Más allá del estilo pretencioso que ostentaba, el lugar era variopinto. En la París me pasaba una de las cosas que más satisfacción me dan: llegar y que el mozo suelte en voz alta desde media distancia la frase “¿lo de siempre?”, más como retórica que a la espera de una respuesta. Y darle el okey con un leve golpe de cabeza. Y ahí llegaba el americano cortado con una medialuna de manteca y las dos minifacturas de cortesía. Te sentías en tu casa.
El amor por las bombitas de sambayón recubiertas de caramelo, los sacramentos, las tartas dulces, los pañuelitos de dulce de leche y otras ambrosías son, para un sibarita como es mi caso (para no decir gordito glotón), distintivas.
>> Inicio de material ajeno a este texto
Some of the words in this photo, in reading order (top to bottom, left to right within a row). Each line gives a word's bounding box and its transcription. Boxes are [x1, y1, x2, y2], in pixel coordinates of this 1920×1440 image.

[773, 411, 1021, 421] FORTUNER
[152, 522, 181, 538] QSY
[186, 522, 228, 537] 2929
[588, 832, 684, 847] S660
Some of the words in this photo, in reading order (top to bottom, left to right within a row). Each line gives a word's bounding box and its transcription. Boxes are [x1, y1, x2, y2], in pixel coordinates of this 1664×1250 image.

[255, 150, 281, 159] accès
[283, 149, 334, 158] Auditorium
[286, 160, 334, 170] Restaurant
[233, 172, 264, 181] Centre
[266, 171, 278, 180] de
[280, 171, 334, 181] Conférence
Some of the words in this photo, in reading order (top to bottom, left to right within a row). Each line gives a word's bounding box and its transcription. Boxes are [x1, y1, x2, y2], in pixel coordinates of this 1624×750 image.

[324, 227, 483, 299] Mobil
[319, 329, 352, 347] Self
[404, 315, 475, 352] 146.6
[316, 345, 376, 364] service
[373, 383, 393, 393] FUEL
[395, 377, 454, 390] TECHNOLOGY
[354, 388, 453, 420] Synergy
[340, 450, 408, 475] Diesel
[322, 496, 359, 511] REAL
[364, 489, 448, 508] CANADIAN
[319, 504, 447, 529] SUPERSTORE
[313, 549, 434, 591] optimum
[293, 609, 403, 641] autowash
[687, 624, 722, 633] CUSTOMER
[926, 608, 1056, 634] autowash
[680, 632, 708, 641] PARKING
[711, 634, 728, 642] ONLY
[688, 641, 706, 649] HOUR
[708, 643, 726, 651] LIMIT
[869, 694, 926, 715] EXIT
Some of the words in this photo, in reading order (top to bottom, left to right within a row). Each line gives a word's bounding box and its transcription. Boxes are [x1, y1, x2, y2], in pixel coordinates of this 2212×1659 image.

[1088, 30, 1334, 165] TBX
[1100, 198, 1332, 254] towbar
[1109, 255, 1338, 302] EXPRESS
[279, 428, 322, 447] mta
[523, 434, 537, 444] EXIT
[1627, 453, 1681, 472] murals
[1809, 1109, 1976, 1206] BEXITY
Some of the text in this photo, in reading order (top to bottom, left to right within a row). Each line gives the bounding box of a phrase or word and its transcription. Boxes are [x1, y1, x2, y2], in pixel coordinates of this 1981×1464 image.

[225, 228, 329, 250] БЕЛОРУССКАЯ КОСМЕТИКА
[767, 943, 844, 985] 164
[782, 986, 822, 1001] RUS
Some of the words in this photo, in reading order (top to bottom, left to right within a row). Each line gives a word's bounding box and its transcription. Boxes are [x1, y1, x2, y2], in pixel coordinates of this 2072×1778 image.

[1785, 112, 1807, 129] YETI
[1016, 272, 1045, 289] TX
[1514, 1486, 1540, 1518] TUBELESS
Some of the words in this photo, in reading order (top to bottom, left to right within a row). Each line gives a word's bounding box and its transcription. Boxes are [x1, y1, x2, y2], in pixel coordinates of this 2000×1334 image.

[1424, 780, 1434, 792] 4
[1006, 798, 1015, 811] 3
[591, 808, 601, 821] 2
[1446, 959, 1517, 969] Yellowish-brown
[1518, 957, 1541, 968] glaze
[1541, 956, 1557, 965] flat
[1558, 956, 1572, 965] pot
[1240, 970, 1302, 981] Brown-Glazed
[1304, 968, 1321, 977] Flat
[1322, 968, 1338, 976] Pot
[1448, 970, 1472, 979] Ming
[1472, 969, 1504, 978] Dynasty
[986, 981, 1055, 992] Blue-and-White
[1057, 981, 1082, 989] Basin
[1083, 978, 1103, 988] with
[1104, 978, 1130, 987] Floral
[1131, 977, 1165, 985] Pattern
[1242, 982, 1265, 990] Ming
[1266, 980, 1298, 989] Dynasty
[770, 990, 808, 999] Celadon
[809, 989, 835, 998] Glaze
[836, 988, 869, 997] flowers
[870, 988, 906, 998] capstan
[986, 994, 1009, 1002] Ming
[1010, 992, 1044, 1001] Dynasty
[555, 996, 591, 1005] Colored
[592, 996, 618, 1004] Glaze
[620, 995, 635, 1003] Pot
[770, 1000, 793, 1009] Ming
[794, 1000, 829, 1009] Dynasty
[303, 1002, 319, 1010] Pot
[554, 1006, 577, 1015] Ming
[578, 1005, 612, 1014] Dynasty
Y se ve que se lo transmití a mi hija y a mis sobrinas Magdalena y Eugenia. Mi hermana también hizo lo suyo, debo decir. Por eso no es difícil de recordar la última vez que estuvimos todos juntos: fue hace un par de meses, antes de partir de vacaciones a la Costa. Submarinos, jugos de naranja, cafés, todo bien acompañado por las masas, los panificados, los tostados de jamón y queso… y el inmejorable clima festivo que vivíamos previo a la vacación y que celebramos en ese rincón tan asociado a nuestras alegrías.
Antes de la cuarentena solía pasar buenos ratos los sábados y los domingos por la mañana mientras el diario, un libro o tan solo me perdía a mirar el mar de gente que circulaba por la vereda desde una de las vidrieras. Me gustaba estar ahí. Tenía el don de calmarme ese lugar. Será quizás porque me acercaba a mis viejos, a las épocas de una niñez hermosa, compartida, sin preocupaciones y con muchas alegrías. Es que eso es lo que se pierde cuando pasan estas cosas, además de una fuente de trabajo para muchos, además una unidad productiva, además de un símbolo de la ciudad. El golpe duele más porque el corazón te lleva a otros tiempos en los que la felicidad era cosa de todos los días.
Yo sé que en el medio de una pandemia peligrosa y angustiante decir que la noticia del cierre de una confitería produce dolor puede sonar frívolo. Es cierto y pido perdón por eso. Pasa que no es que cierra la París así, a secas, es que se cierra una etapa, se hunden un sinfín de historias alegres y tristes, de amores y despechos, de tiempo ganado, de felicidad con aroma a café y a pan, de sensaciones. Esas sensaciones que forman parte de la vida de la gente. Así de simple. Y por eso hoy se cae una lágrima.